According to an October 2020 story in Atlanta Magazine, some Atlanta zip codes see HIV rates eight times greater than the national average. Rates are higher in lower-income areas with more limited access to health services, lack of health insurance or lack of sexual education.
“We need everyone working together to address all the things that keep people from getting the diagnosis and treatment they need: a lack of insurance, barriers to care, stigma and poverty,” del Rio said. “Emory and our partners are making real progress in Atlanta, but we still have a long way to go.”
The article notes that the Black population is disproportionately affected by the Atlanta HIV epidemic. According to NATAP, the leading cause of death for 35 to 44-year-old Black men in Georgia is AIDS.
According to a 2019 study from AIDSVu, 36,060 people lived with HIV in Atlanta and 1,530 new cases in 2018. Over 80% of Atlanta HIV cases were male, and over 70% of those affected were Black. Almost 71% of the male transmission cases came from male-to-male sexual contact, and nearly 60% of the female transmission cases came from heterosexual contact.
Although HIV/AIDS disproportionately affects gay Black men in Atlanta, a study from Emory’s Rollins School of Public Health says that these men do not necessarily engage in riskier sexual behavior than white men. Instead, many are disadvantaged, live in lower-income areas and have limited access to health services, health insurance, health literacy resources and condoms.
The U.S. Department of Health and Human Services granted $6 million in 2019 to go toward HIV relief efforts in four of the country’s highest-risk jurisdictions, including DeKalb County. The Ending the HIV Epidemic (EHE) federal initiative aims to reduce the number of new HIV cases in the U.S. by 90% by 2030.
Through funding and the EHE initiative, healthcare workers in Dekalb county have expanded their HIV services, including making medications like PrEP more accessible.
“Our team has long wanted to offer PrEP to the community,” Dr.
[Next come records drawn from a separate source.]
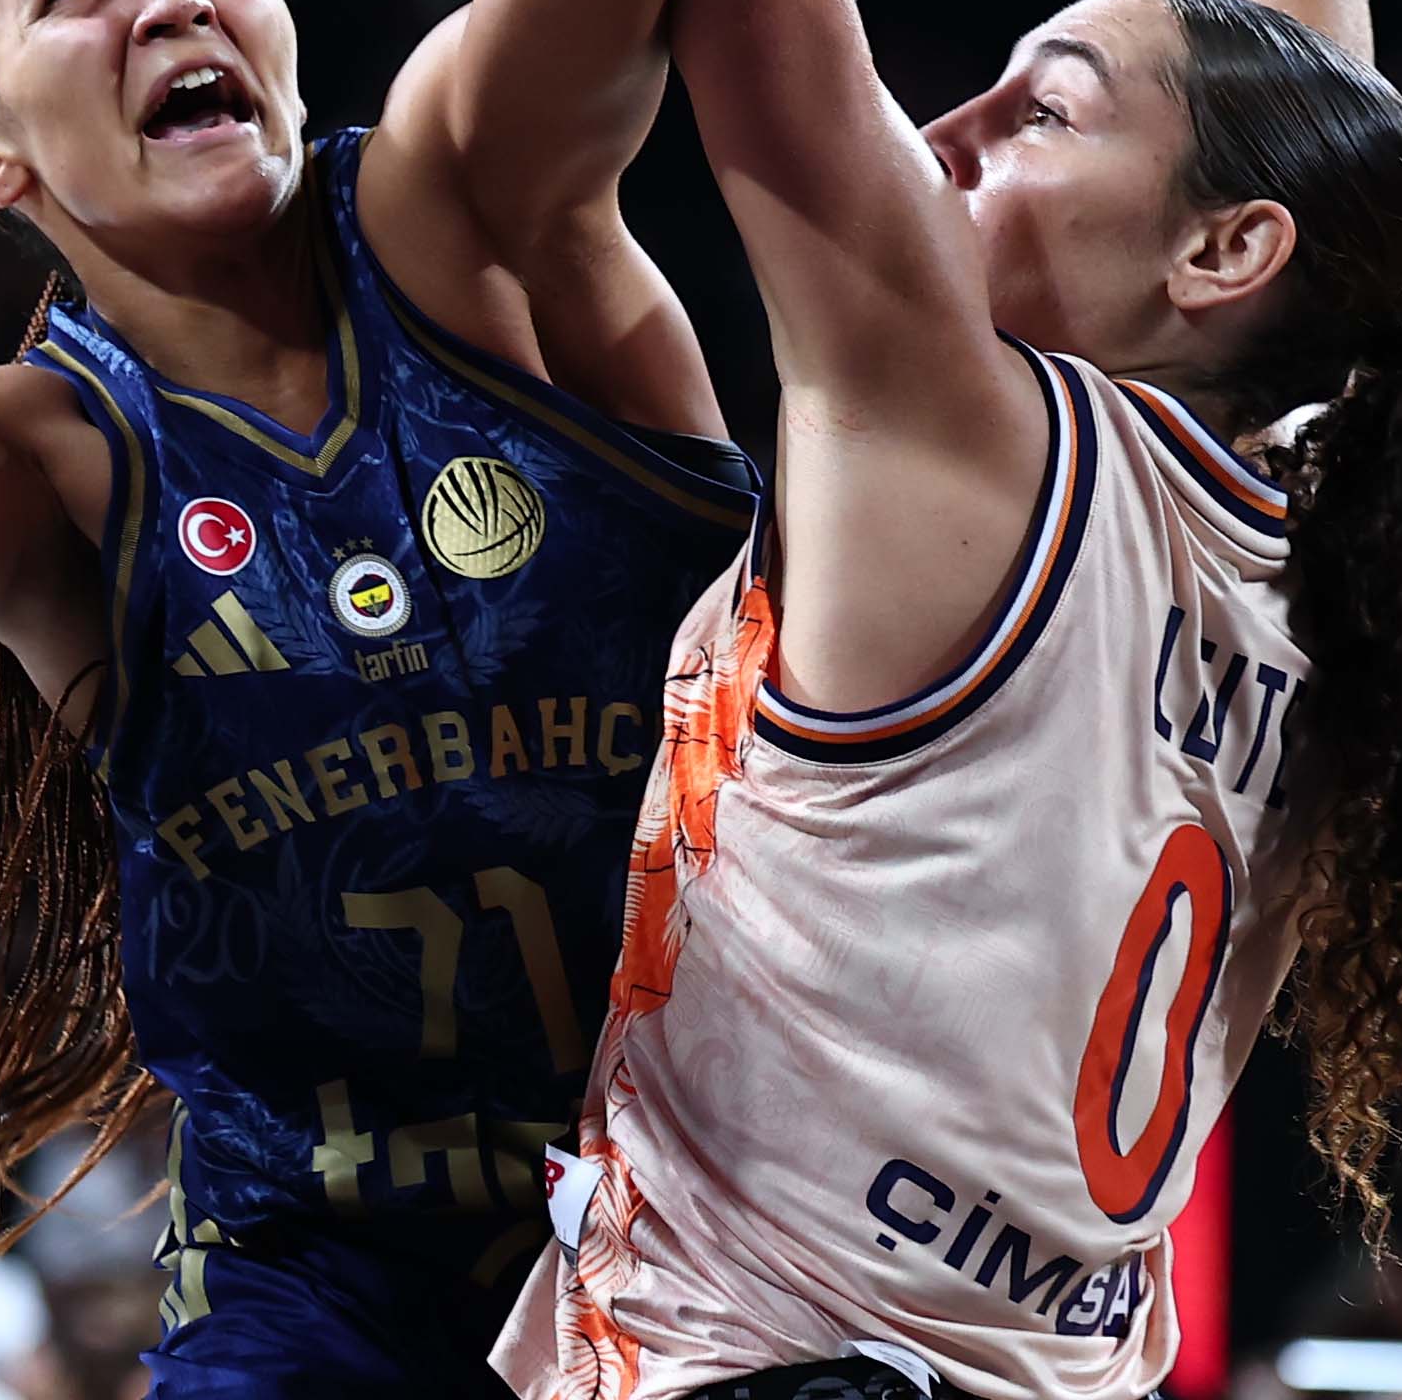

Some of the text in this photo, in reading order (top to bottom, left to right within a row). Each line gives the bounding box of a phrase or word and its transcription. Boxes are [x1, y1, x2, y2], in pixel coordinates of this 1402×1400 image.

[355, 640, 429, 683] tarfin
[156, 696, 663, 881] FENERBAHÇ
[340, 865, 590, 1075] 71
[1073, 823, 1233, 1225] 0
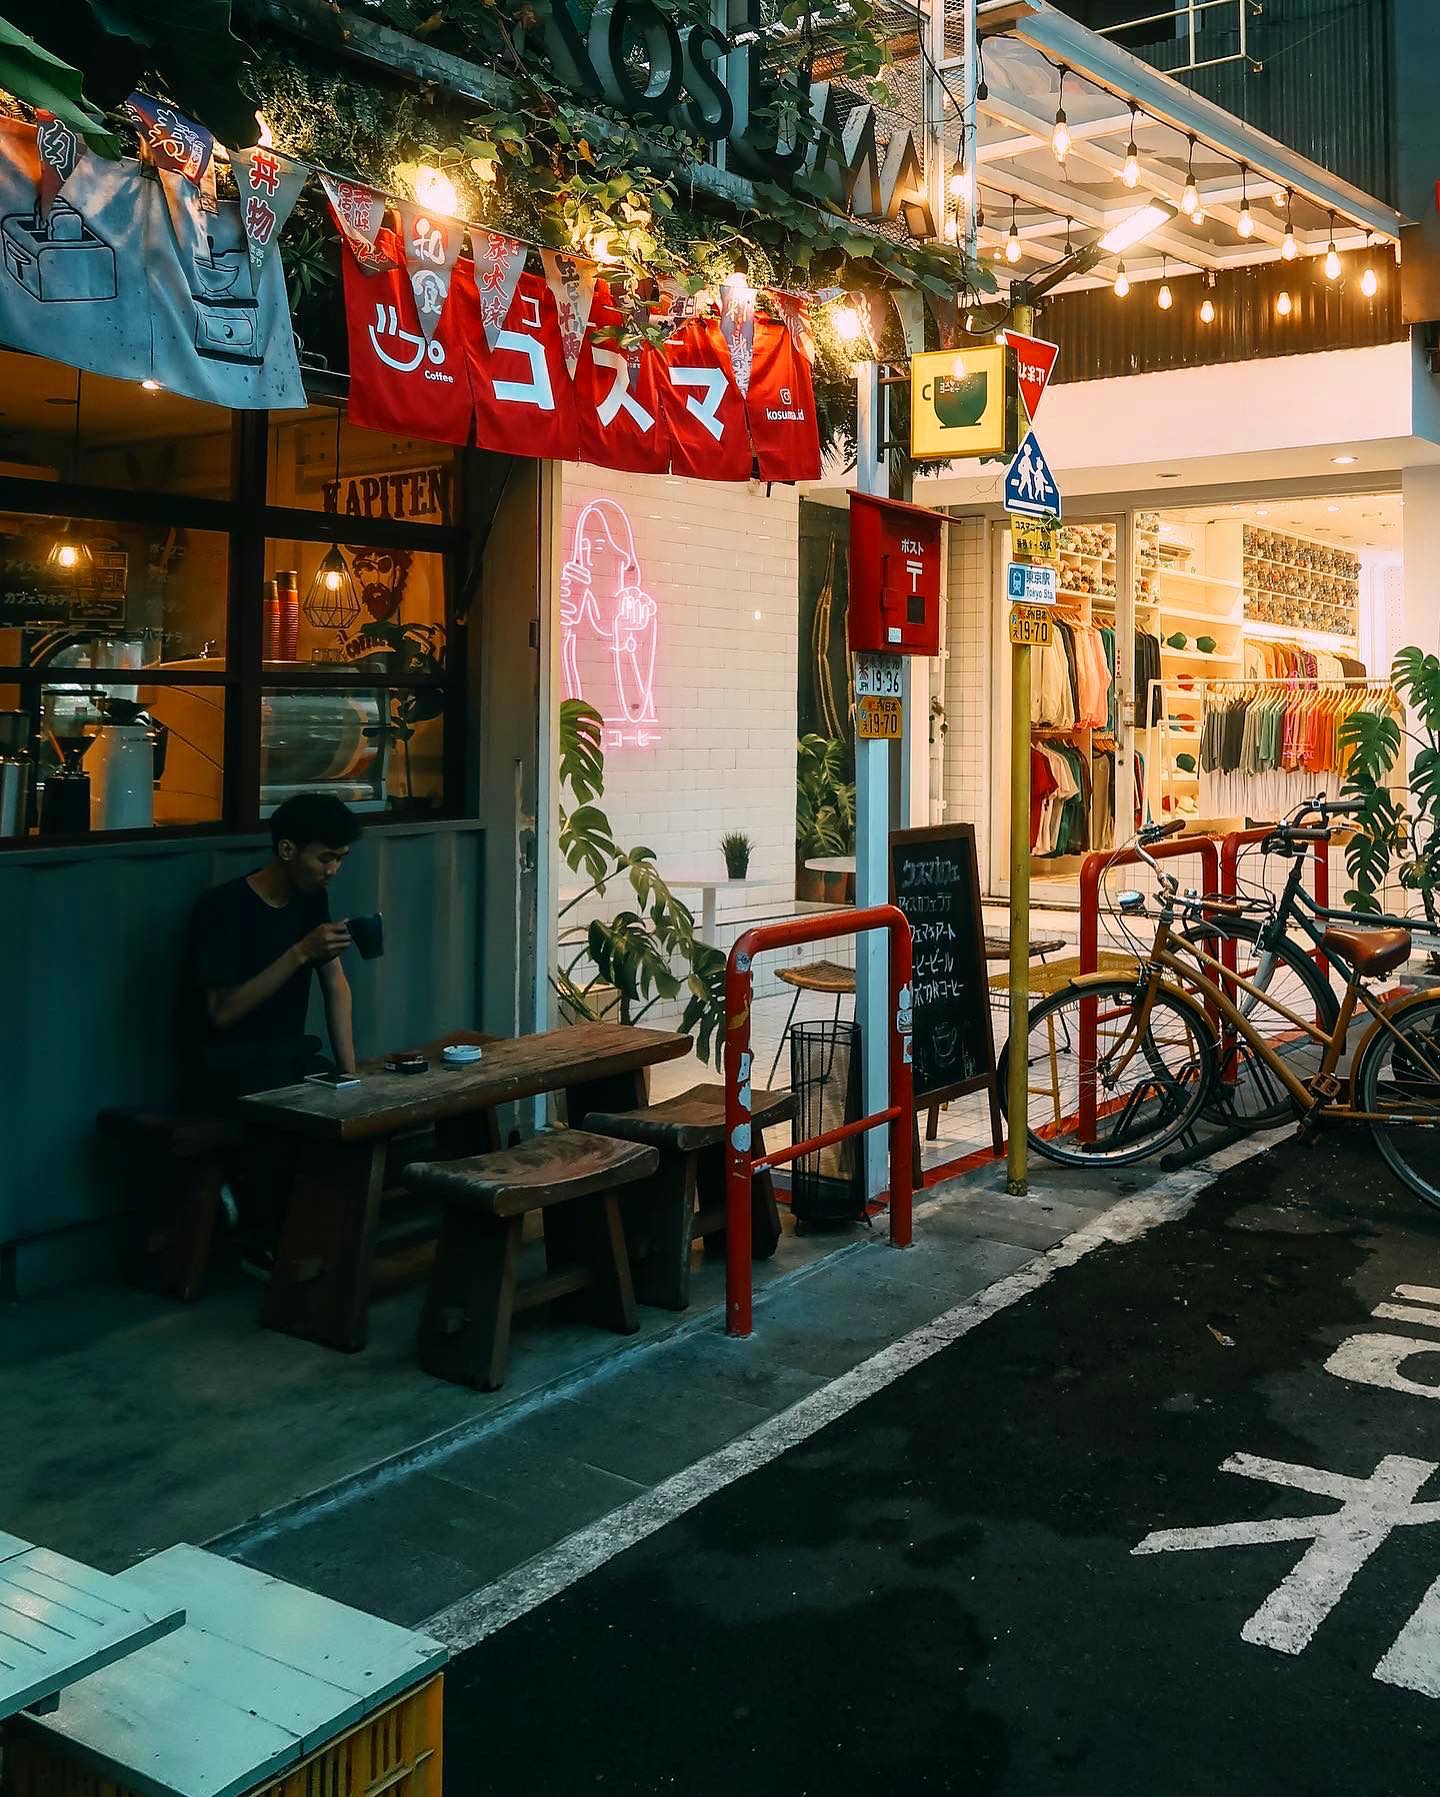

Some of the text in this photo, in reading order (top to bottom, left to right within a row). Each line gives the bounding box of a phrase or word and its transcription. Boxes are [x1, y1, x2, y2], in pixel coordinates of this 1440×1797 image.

[246, 149, 280, 246] 丼物
[480, 232, 508, 330] 炭火焼
[424, 369, 454, 384] Coffee
[490, 328, 729, 443] コスマ
[766, 407, 805, 421] kosuma.id
[1026, 570, 1051, 586] 東京駅
[1026, 586, 1043, 600] Tokyo
[607, 729, 662, 747] コーヒー
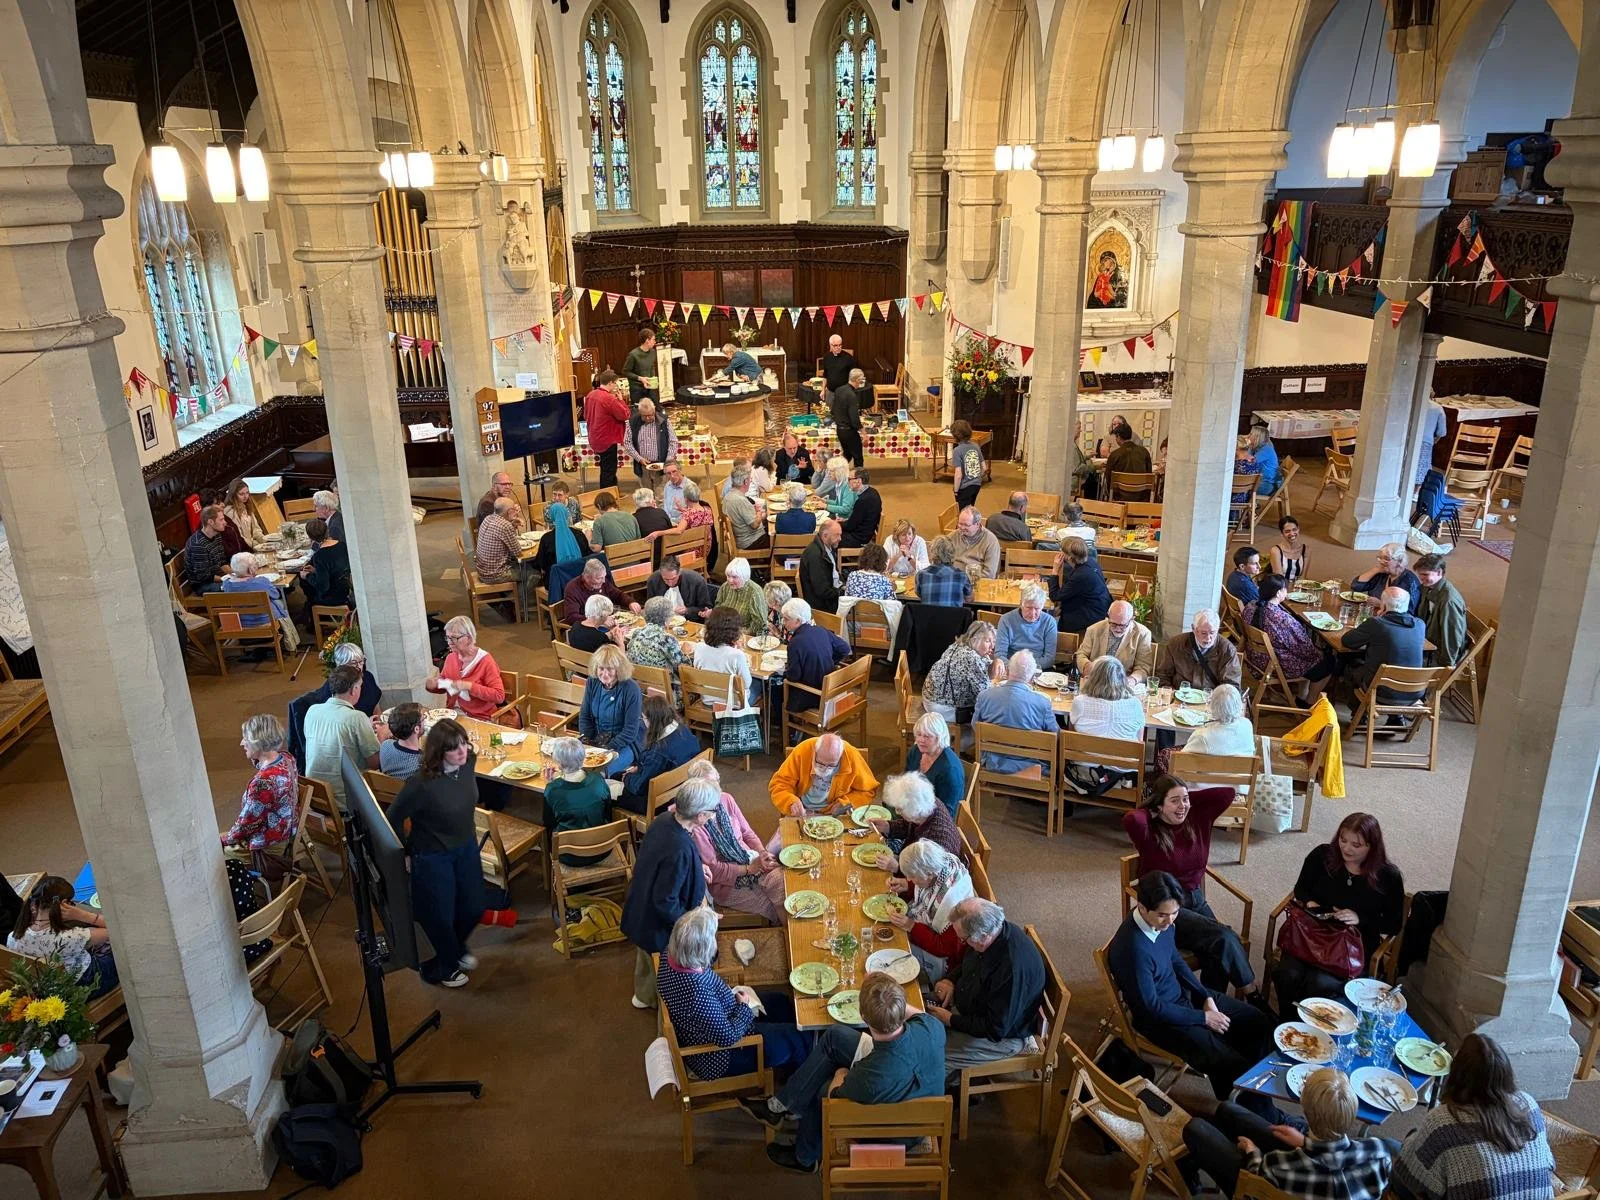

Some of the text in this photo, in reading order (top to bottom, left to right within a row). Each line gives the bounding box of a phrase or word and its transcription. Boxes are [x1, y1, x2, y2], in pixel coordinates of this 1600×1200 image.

[482, 401, 494, 411] 97
[487, 412, 493, 421] 8
[487, 432, 498, 442] 67
[485, 442, 500, 453] 541
Sentayehu Bedane from the DeKalb County Board of Health said. “EHE funding was the engine we needed to set the program in motion. These services are filling a critical gap in HIV prevention for people in our county.”
Fulton County has also expanded their HIV relief efforts, following the vision of the EHE initiative.
The Fulton County Board of Health has partnered with the Department of HIV Elimination and the Department of Behavioral Health and Developmental Disabilities to provide services to people living with HIV in Atlanta.
The Fulton County website offers information and resources for HIV/AIDS services, including medical care, substance abuse counseling, mental health care and support services.